▶

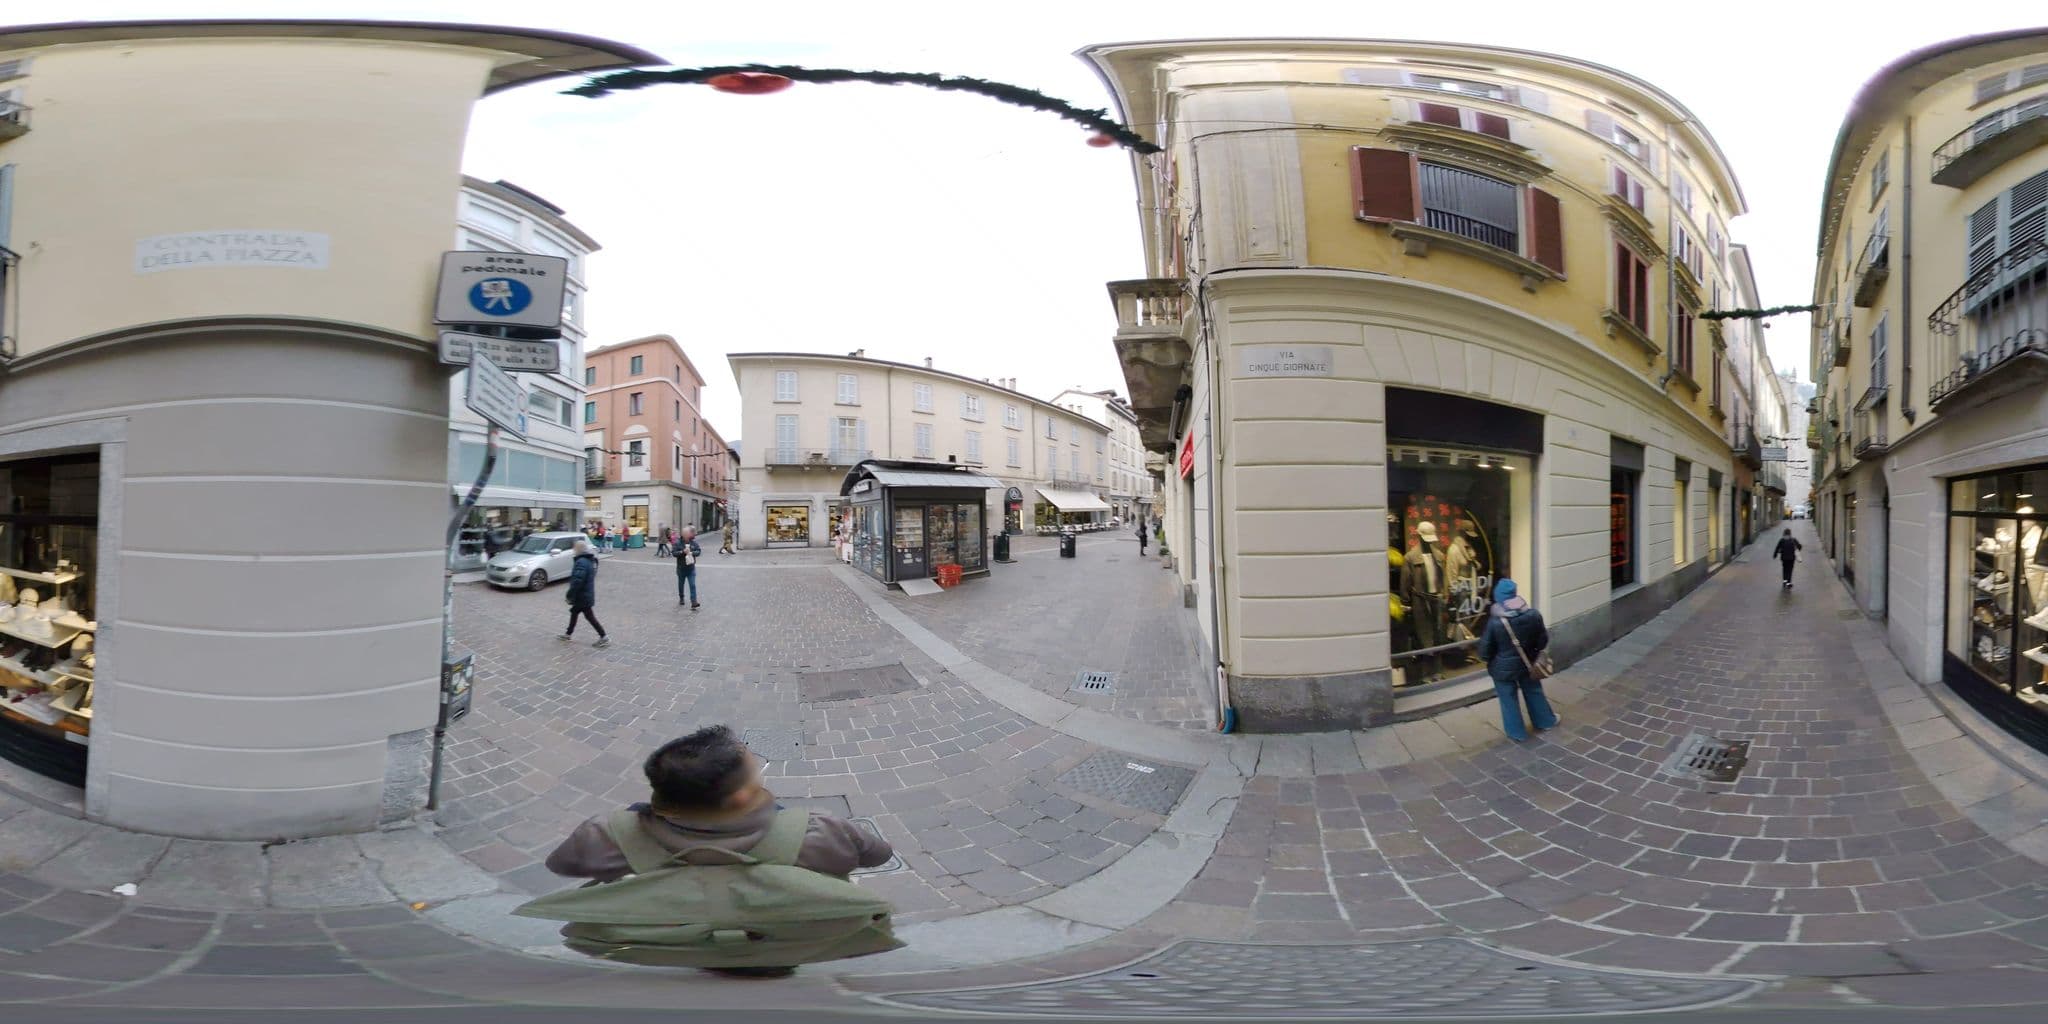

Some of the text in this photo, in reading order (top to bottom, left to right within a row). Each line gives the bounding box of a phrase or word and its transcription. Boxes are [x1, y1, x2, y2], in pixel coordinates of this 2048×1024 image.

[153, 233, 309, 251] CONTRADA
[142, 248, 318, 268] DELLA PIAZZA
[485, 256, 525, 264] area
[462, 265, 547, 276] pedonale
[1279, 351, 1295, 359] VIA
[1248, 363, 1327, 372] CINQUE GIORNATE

◀

What is needed is an exact copy of all the entries above, minus the pictures.

The answer:
Some of the text in this photo, in reading order (top to bottom, left to right within a row). Each line gives the bounding box of a phrase or word and its transcription. Boxes are [x1, y1, x2, y2], in pixel coordinates of this 2048×1024 image.

[153, 233, 309, 251] CONTRADA
[142, 248, 318, 268] DELLA PIAZZA
[485, 256, 525, 264] area
[462, 265, 547, 276] pedonale
[1279, 351, 1295, 359] VIA
[1248, 363, 1327, 372] CINQUE GIORNATE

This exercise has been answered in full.